Looking down the line both ways and not seeing anyone he couldn’t get along with—from the beehive to those he’d not really spoken with yet, to the Sierras who’d made him part of their conversation to Ariel, who’d teased the water out of the stegosaurus without needing to be asked twice, they were all just strangers slowly becoming people he could recognise both inside and outside the walls.
The same could be said for the other teams staying at the Intake House though. Both now and last year, and the year before that, and before that, and on down the line. He didn’t know if he’d miss them, didn’t think they’d miss him. Didn’t know if he’d be making any sort of meaningful point but when first one and then another from Firebird stepped forward, he did too. A beat late, flinching at the whistle and needing a deep breath first, but he did.
Couldn’t stop now and that made the next step easier.
Turning with a slow-growing sheepish grin to look at them all lined up, he pulled his shoulders right up to his ears. “Sorry, thanks. I like you guys, okay? You’re nice. It’s nice, all right. But they all need nice, too. Uhh, want your bee back?” There’d been one crawling on his shoulder for a while now and he wasn’t sure if it belonged to Firebird’s beehive or some… other beehive….
He also hadn’t had a chance to ask Jess if he was about to look really stupid. He’d only asked for the rules he’d thought he’d need to know. Hadn’t asked what happened if students didn’t find their fit. Hadn’t asked if you could only make half a choice. And no one here had said anything new. He'd... sort of been listening... So, he was glad for an excuse to stall the next step. But he didn’t want anyone standing on the field now to feel unwelcome or unable to make the choice they wanted. Being angry wasn’t fun. Neither was being scared, or sad, or guilty. But Blackjack and Eclipse both were full of those things. Probably for different reasons. They all needed to know they weren’t alone or unwelcome. Maybe they needed what their team couldn’t give them. And they couldn’t find that if no one let them in.
So, once the bee was dealt with, he turned back around and marched towards the middle, raising his hands like he was supposed to. Firebird in his left, nothing in his right. If anyone wanted to switch with him, they could. If nobody did, then he could just go back to his spot.

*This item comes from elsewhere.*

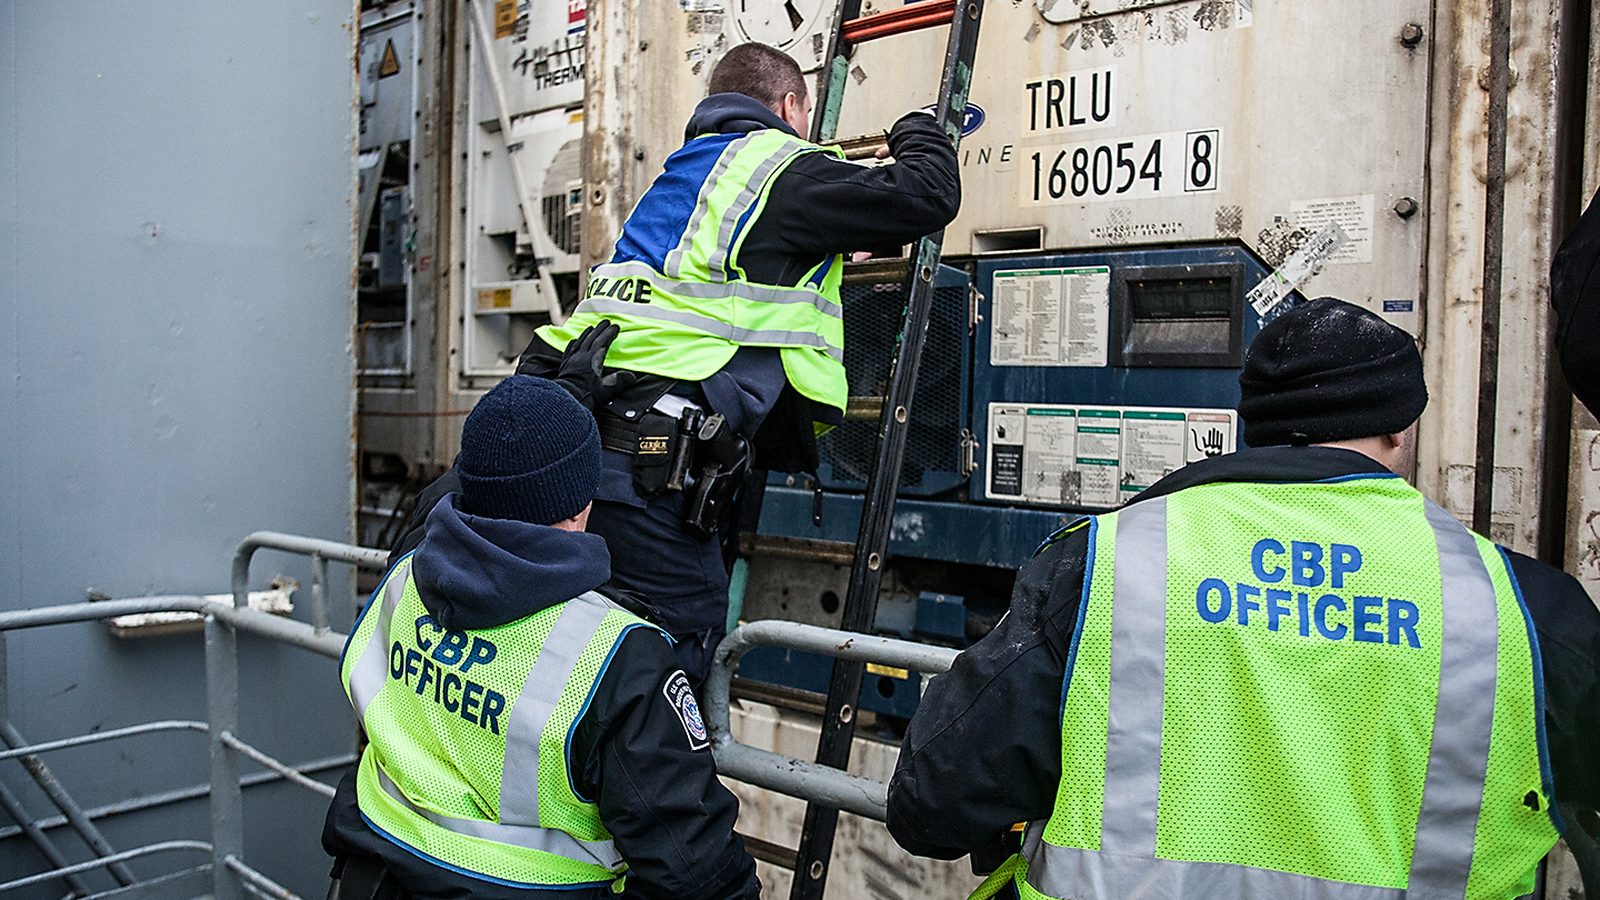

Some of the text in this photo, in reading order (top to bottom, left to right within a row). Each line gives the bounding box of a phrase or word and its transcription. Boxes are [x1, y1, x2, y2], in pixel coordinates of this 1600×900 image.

But as a small group of other students stalled a little way off, with growing frowns as things were said and more people got involved, his shoulders and arms began to sag, and he forgot to keep smiling so others would know he was happy to trade places. He wasn’t hearing everything that was said, and their expressions didn’t make him eager to try, but even so, he was losing what little confidence he’d had in his decision. Were they not even going to let people leave?